What happens if I want a divorce, but my partner doesn’t?

Unfriendly divorce situation. After the court receives the divorce petition, they will send a copy to the non-petitioning spouse. They will have 8 days in which to respond, stating whether they wish to contest the divorce or not.

If the responding spouse wishes to defend the divorce, they will then have a further 21 days to explain why they wish to do so.

If the divorce is defended, both spouses will usually need to attend a court hearing in front of a judge, unless a private agreement can be reached between the couple before the assigned hearing date.

The judge will then hear evidence from both sides and make a decision as to whether to grant the divorce or not.

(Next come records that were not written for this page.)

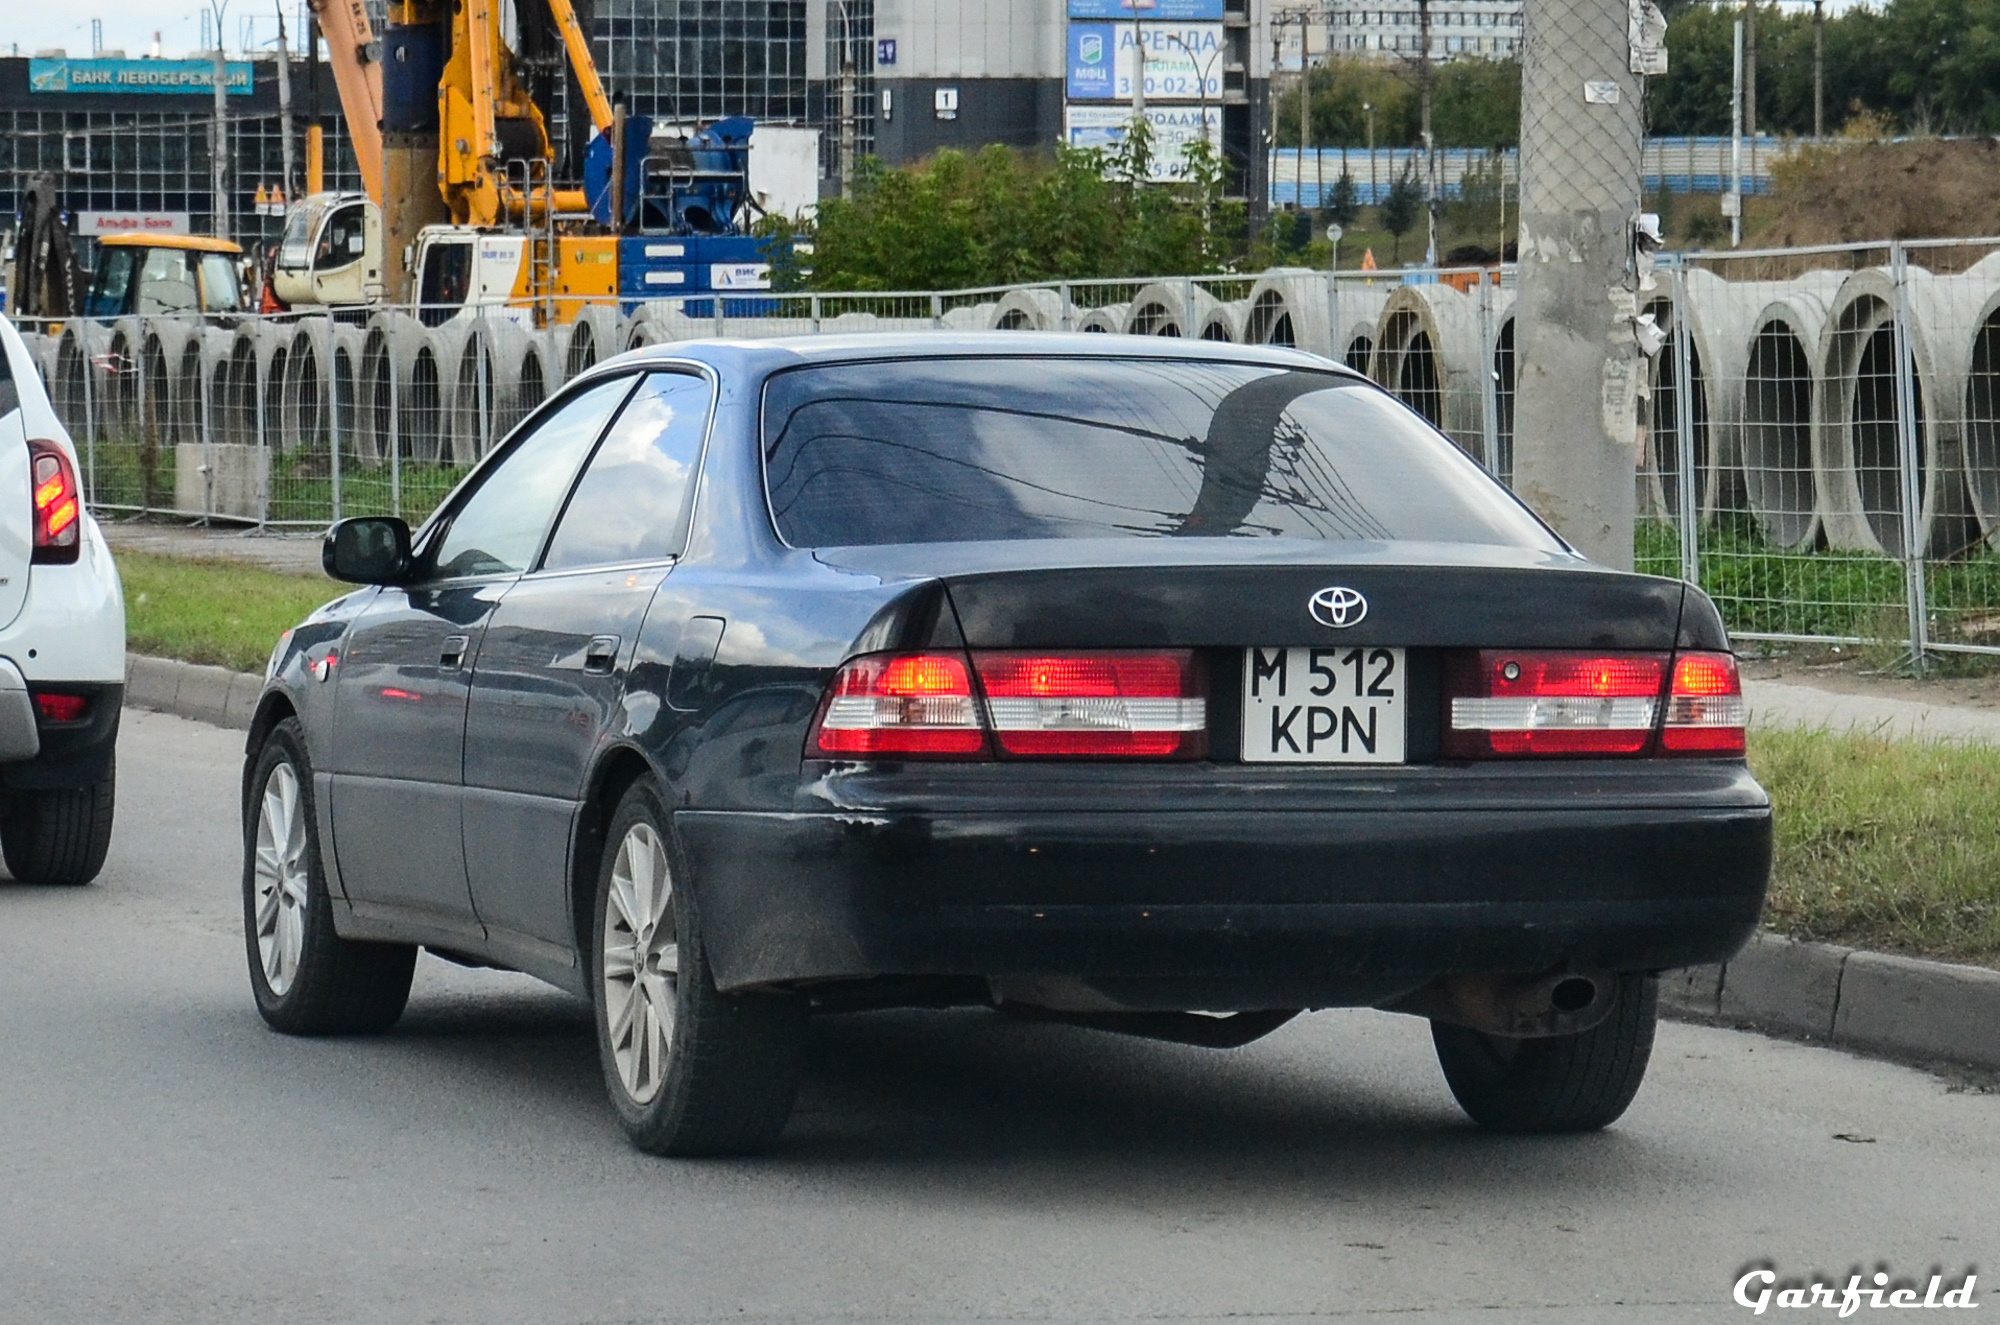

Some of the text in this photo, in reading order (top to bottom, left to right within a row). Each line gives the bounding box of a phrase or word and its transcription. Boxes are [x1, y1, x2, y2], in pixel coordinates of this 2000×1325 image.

[1120, 30, 1218, 55] АРЕНДА
[1075, 67, 1107, 81] МФЦ
[1138, 60, 1198, 73] ЕКЛАМА
[71, 70, 247, 87] БАНК ЛЕВОБЕРЕЖЫЙ
[1119, 77, 1218, 94] 30-02-20
[1141, 112, 1217, 126] РОДАЖА
[1251, 648, 1395, 697] M 512
[1271, 705, 1377, 754] KPN
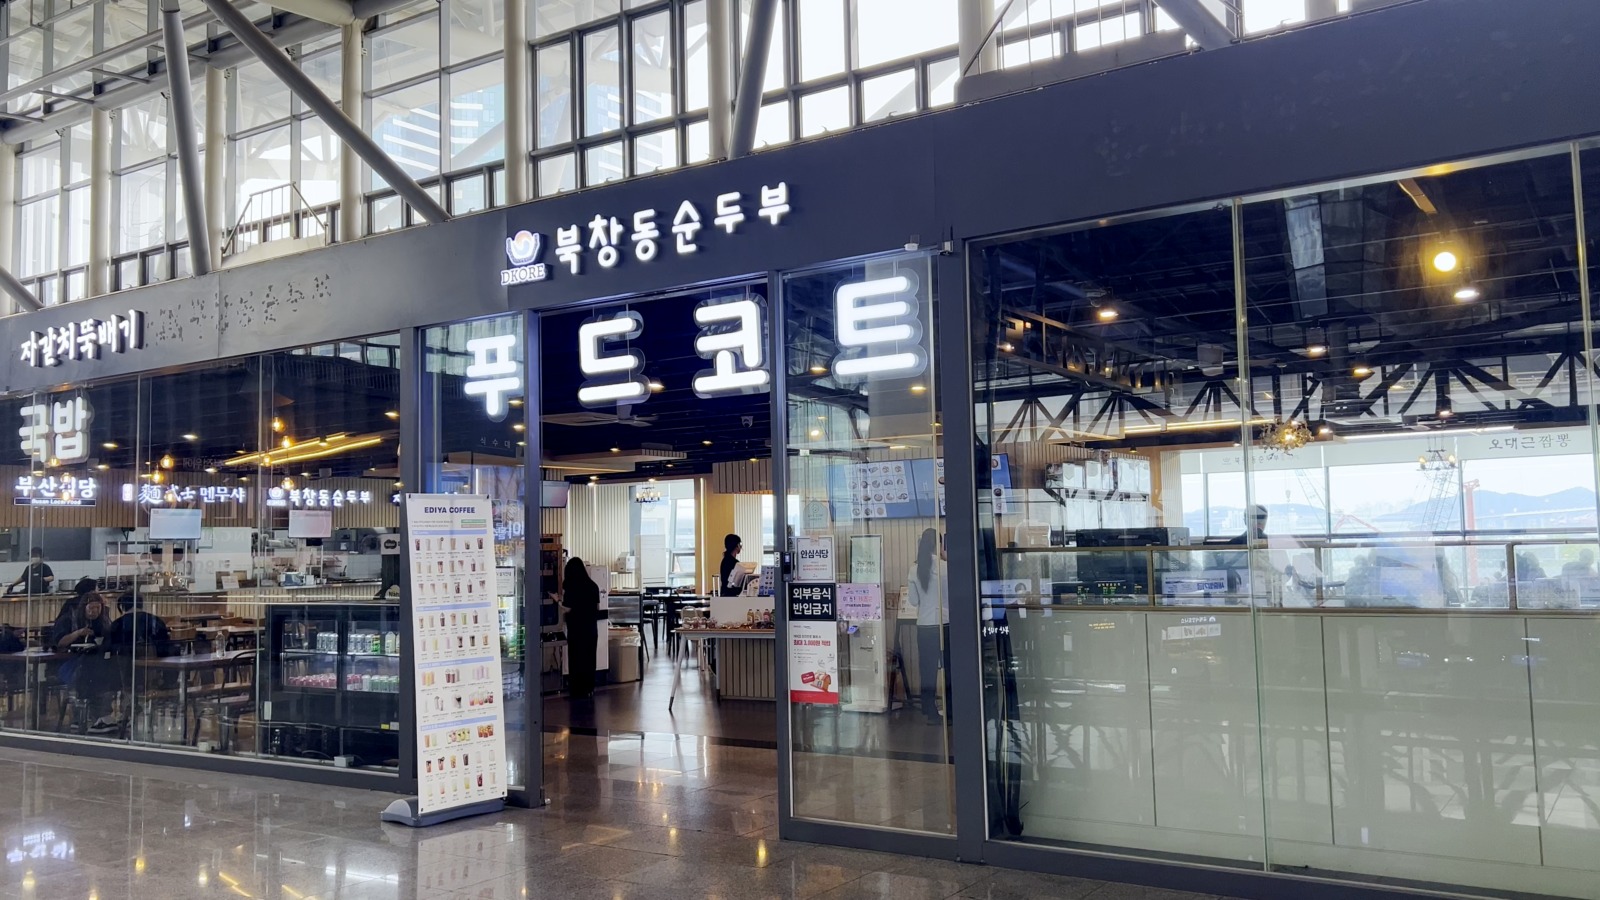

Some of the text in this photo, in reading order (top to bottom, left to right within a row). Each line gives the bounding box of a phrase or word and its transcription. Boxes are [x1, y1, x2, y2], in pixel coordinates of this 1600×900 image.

If you are unhappy with the judge’s decision, you may be able to make an appeal to a higher court, depending on the circumstances.

If the judge decides to grant the divorce – They will issue a document known as a “decree nisi”. This officially states that the court sees no reason why the divorce cannot go ahead.

If the judge decides not to grant the divorce – The petitioning spouse will either need to accept this, appeal the decision to a higher court, or apply again with a fresh divorce petition.

Unfriendly divorce situation, the new petition will need to give stronger reasons for the divorce. In the worst case scenario, this will mean waiting until the couple have been separated for at least 5 years, at which point either spouse can apply for and be granted a divorce without the other’s consent.

Once the decree nisi has been issued, you will need to wait at least 43 days and you can then apply to the court for a decree absolute. This is the final legal document that confirms your marriage is officially over.